Mayoral candidate: Bryan Parker
on May 21, 2014
Bryan Parker embraces being an outsider. Although Jean Quan appointed him to the Port Commission in 2012, most know him as a former healthcare and tech executive. He sees his lack of political experience as an advantage in his run to become Oakland’s next mayor.
Parker pointed to his record of business leadership, saying that as vice president, general manager of real estate and internal growth at healthcare company DaVita Inc., he grew his division’s budget from $400 million to $800 million in four years. “The city of Oakland needs to grow,” he added. “It has to grow responsibly, smartly, and inclusively.”
Part of growing is embracing technology and getting connected to venture capital dollars, he added. Parker, who raised campaign funds through an online crowdsourcing platform and recently hosted the Vator Splash tech competition, said he believes the city can welcome the tech industry.
“What we’re afraid of are rising prices in the absence of equally or higher rising wages, which pushes people out because they can’t afford the necessities of life,” said Parker who served as the chair of Oakland’s Workforce Investment Board. “Let’s focus on developing more highly-paid jobs. Let’s not turn a whole industry away.”

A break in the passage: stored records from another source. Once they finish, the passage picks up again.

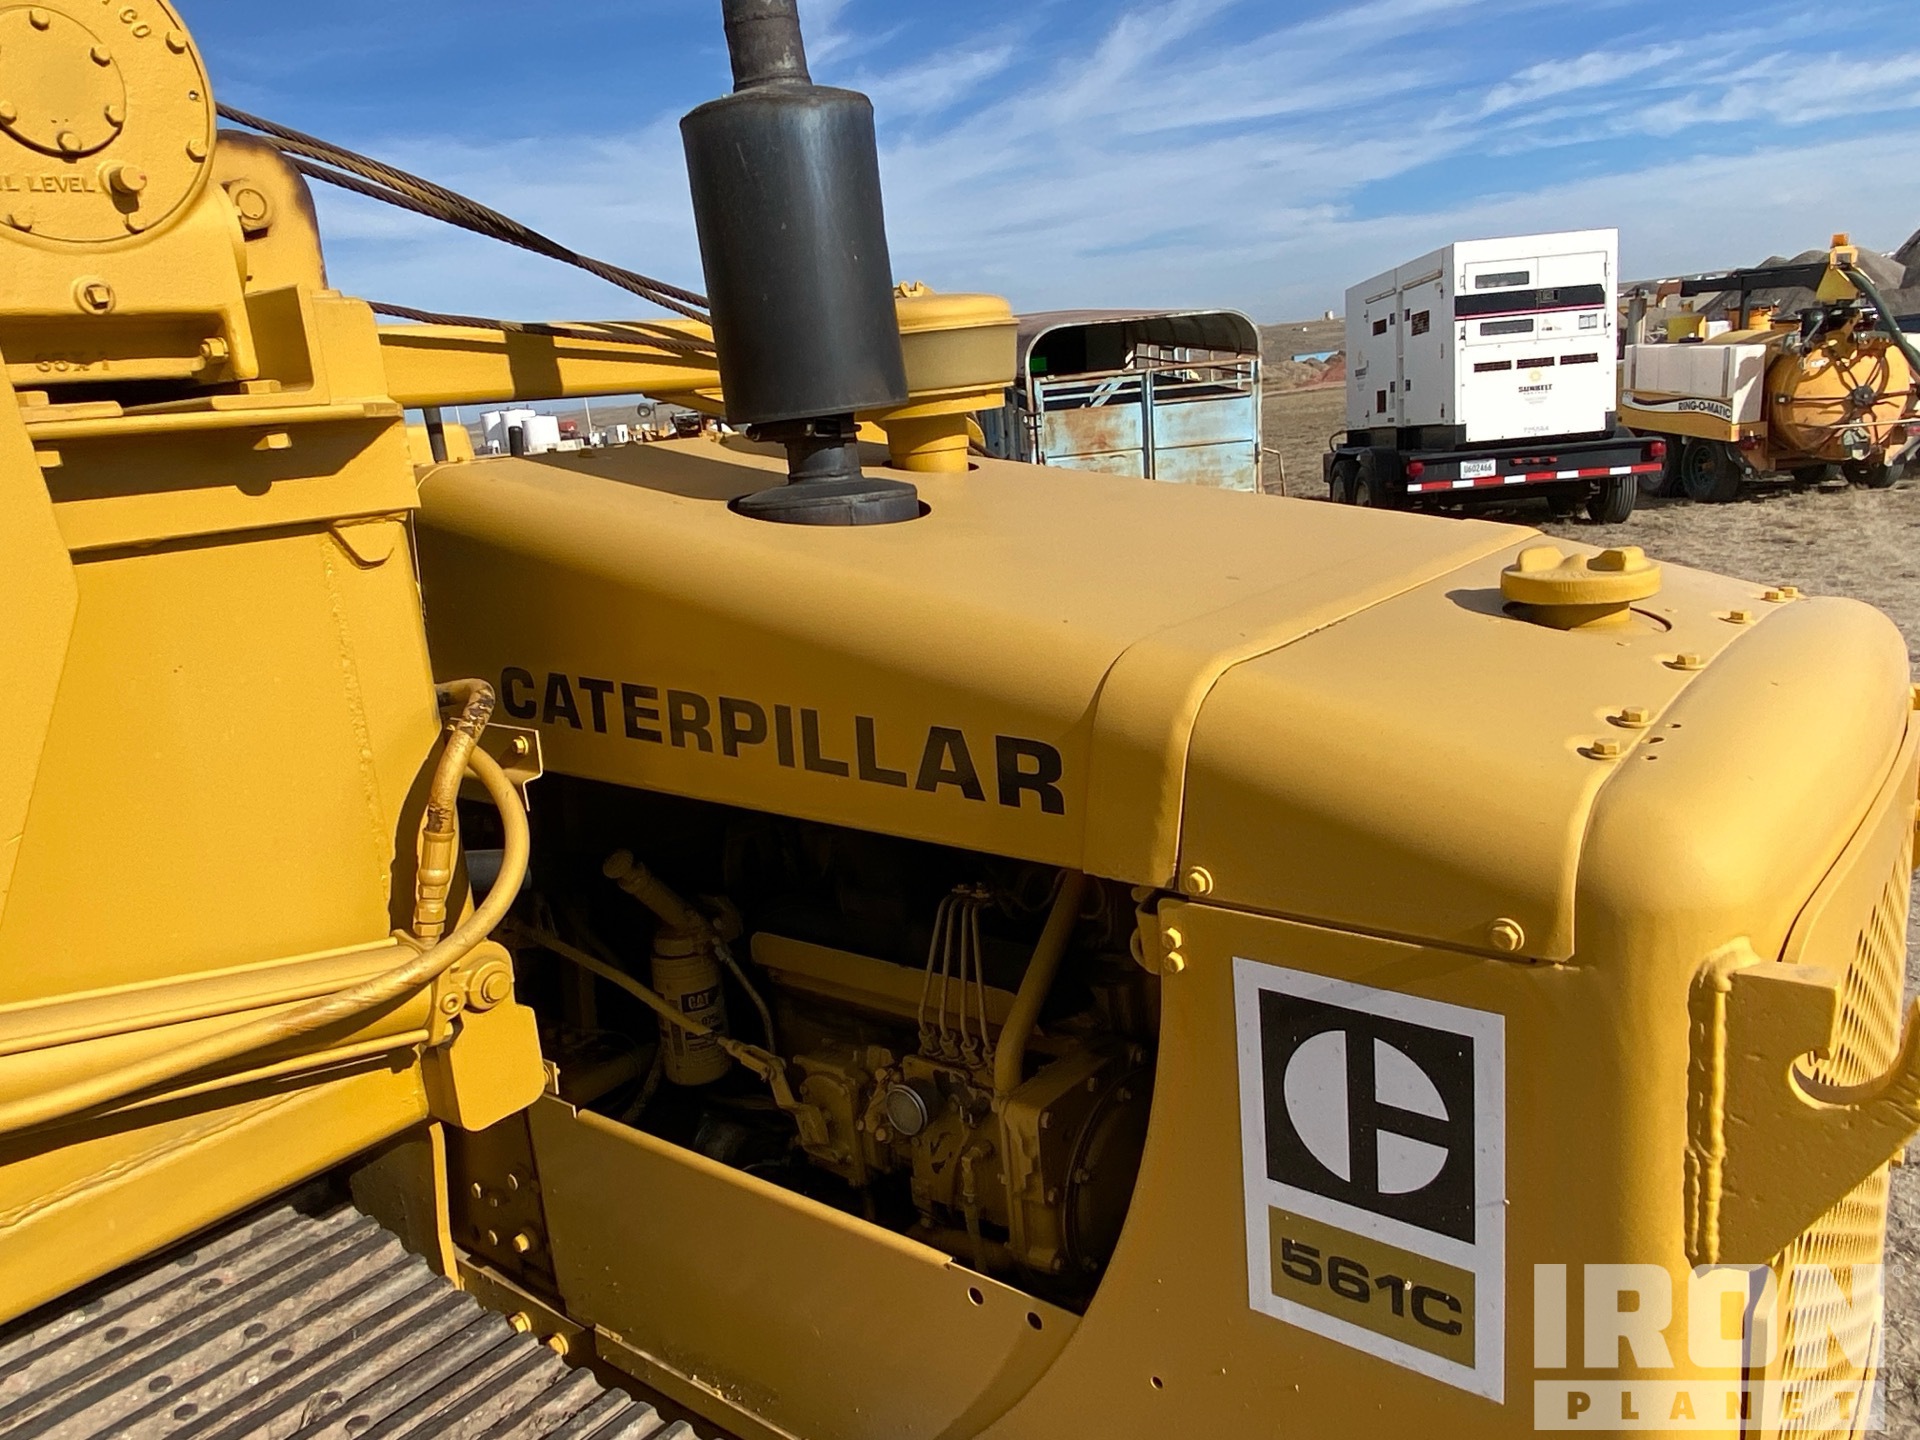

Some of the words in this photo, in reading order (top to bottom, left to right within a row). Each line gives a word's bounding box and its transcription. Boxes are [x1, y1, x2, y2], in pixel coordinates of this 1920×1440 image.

[25, 175, 95, 192] LEVEL
[1678, 402, 1731, 418] RING-O-MATIC
[501, 666, 1066, 815] CATERPILLAR
[688, 993, 708, 1008] CAT
[1281, 1236, 1463, 1336] 561C
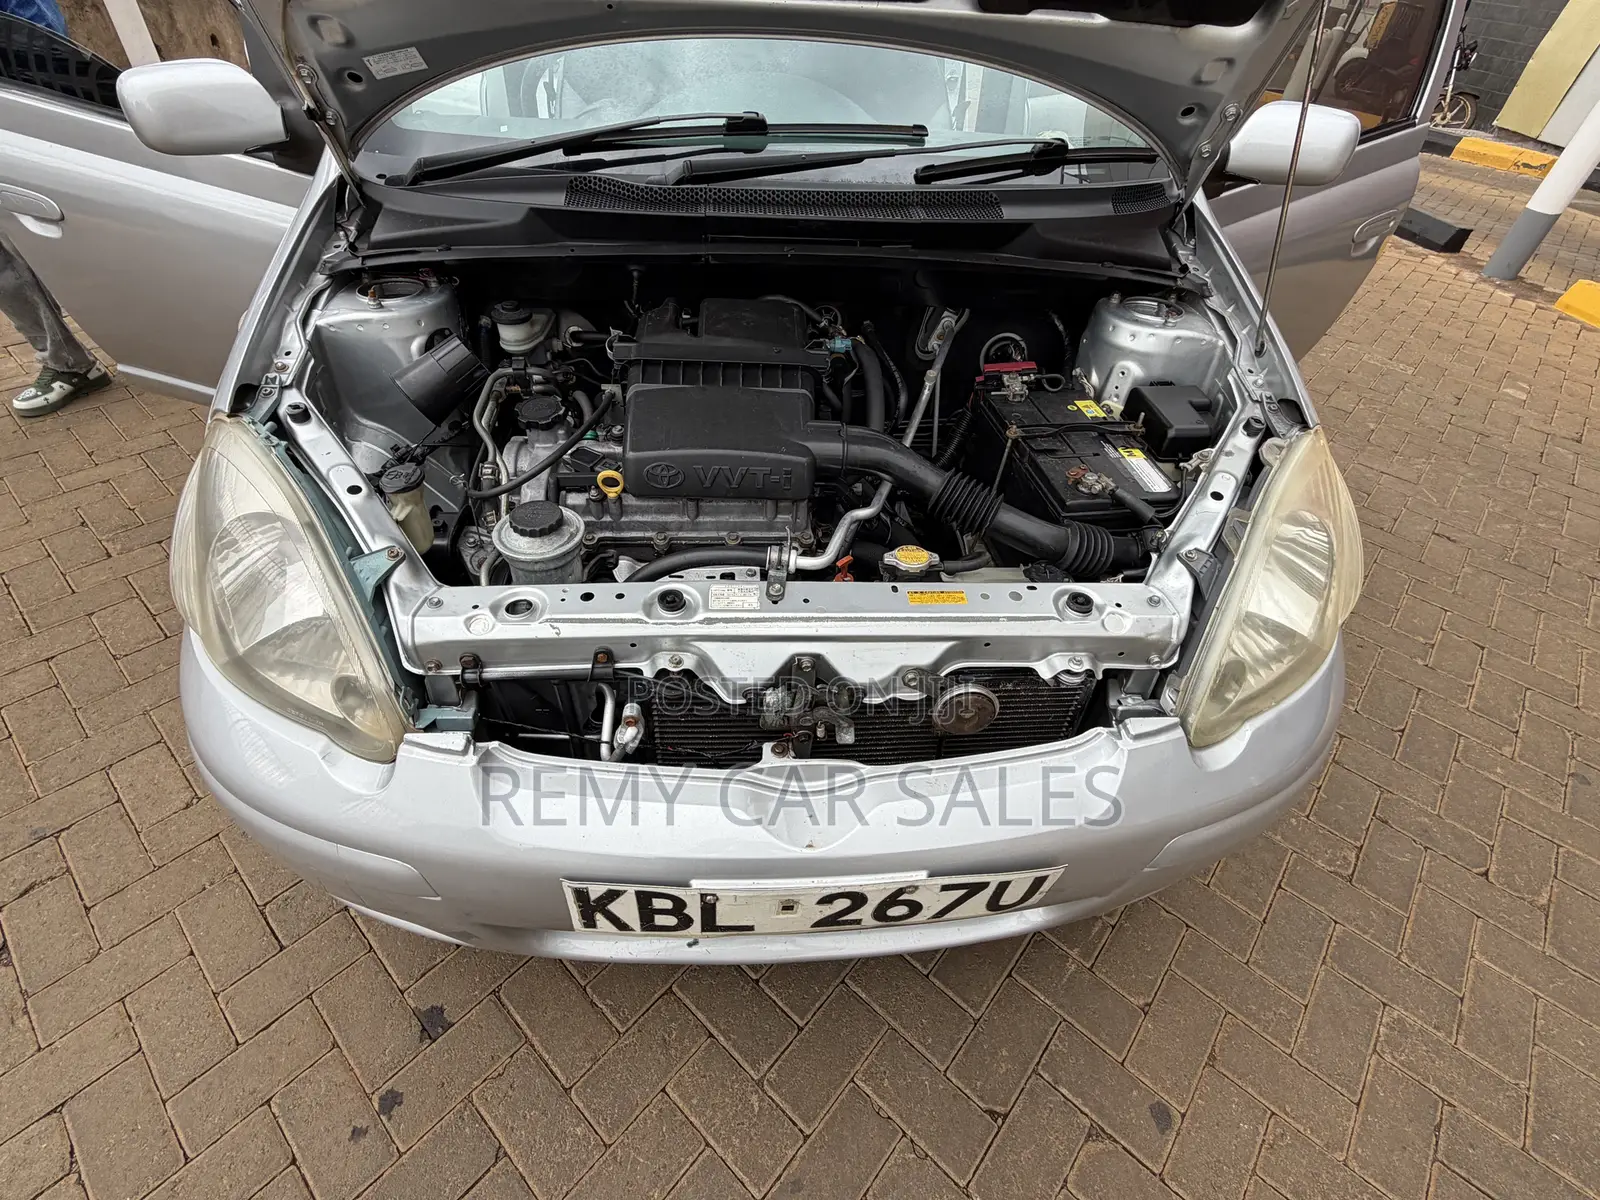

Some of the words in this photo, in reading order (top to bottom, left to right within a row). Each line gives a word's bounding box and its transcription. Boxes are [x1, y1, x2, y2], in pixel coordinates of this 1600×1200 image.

[693, 465, 792, 491] VVT-i
[568, 886, 756, 933] KBL
[810, 874, 1051, 929] 267U
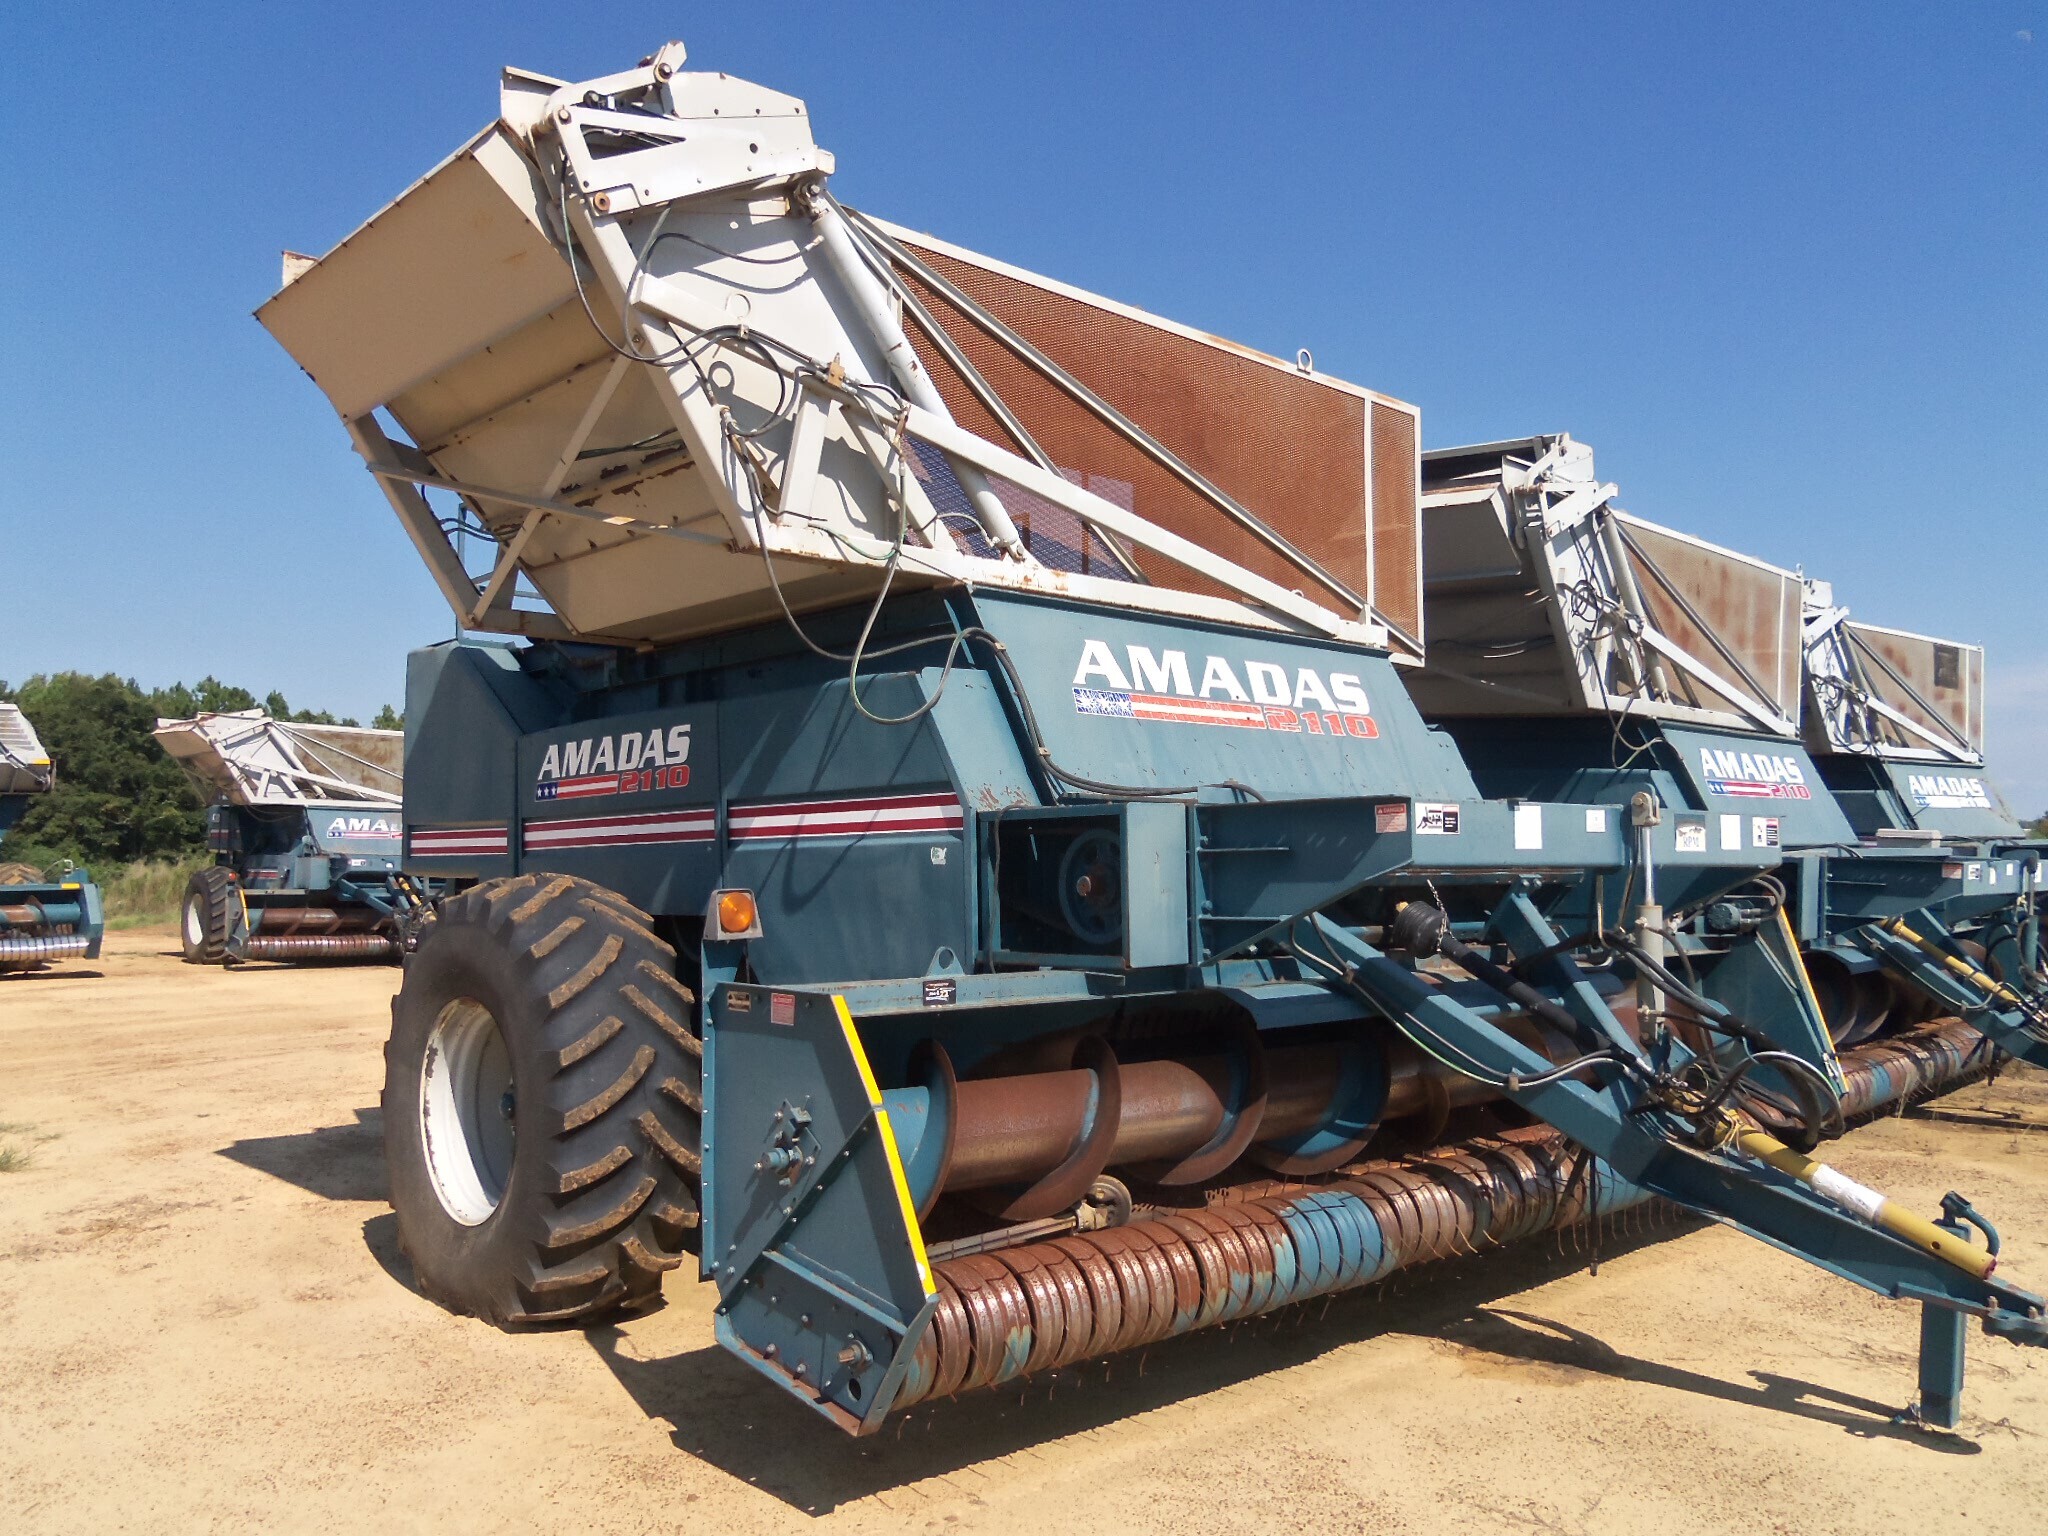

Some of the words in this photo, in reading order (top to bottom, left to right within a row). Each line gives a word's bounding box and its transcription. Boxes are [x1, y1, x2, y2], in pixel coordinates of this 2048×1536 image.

[1073, 639, 1370, 715] AMADAS
[1264, 706, 1379, 739] 2110
[537, 724, 691, 780] AMADAS
[1700, 748, 1804, 784] AMADAS
[619, 765, 690, 794] 2110
[1768, 783, 1811, 800] 2110
[1908, 775, 1985, 797] AMADAS

If elected, Parker said he would work to make sure computer science is taught in elementary schools and that training programs and coding workshops would be available at the high school and community college levels. He said he’d also pay close attention to improving Oakland schools overall.
“We have to get at the systemic root of poverty and hopeless[ness], which is, in my mind, an uneven quality of education,” said Parker, a UC Berkeley alumnus who went on to law school at NYU.
Parker, whose sister was murdered in 1998, also plans to focus on public safety. He said he wants to put 800 police officers on the street.
“I think that we have had the reputation of a few officers taint[ing] the many. We have great men and women in our city, police officers who put their lives on the line every single day,” said Parker, noting that many are uncomfortable with the idea of a larger police presence and that he plans to include diversity and sensitivity training with the expansion.
He is also calling for community policing, a technique Richmond Police Department has used to decrease crime. This means more officers walking through neighborhoods, out on bike patrol, and connecting with residents.
For effective community policing, Parker said, “You need to engage the community and that needs to be through meaningful relationships, through partnerships and making sure that the community feels that they are heard, valued and that they are going to be treated with respect,” Parker said.
Ultimately, Parker said he’s the right candidate to tackle issues that Oakland has had for years and help the city progress. The town needs a businessman, not someone consumed with politics, he said.
“The career politicians have had their chance,” said Parker. “I have seen the inner workings of the city enough to know that we need a different skill set.”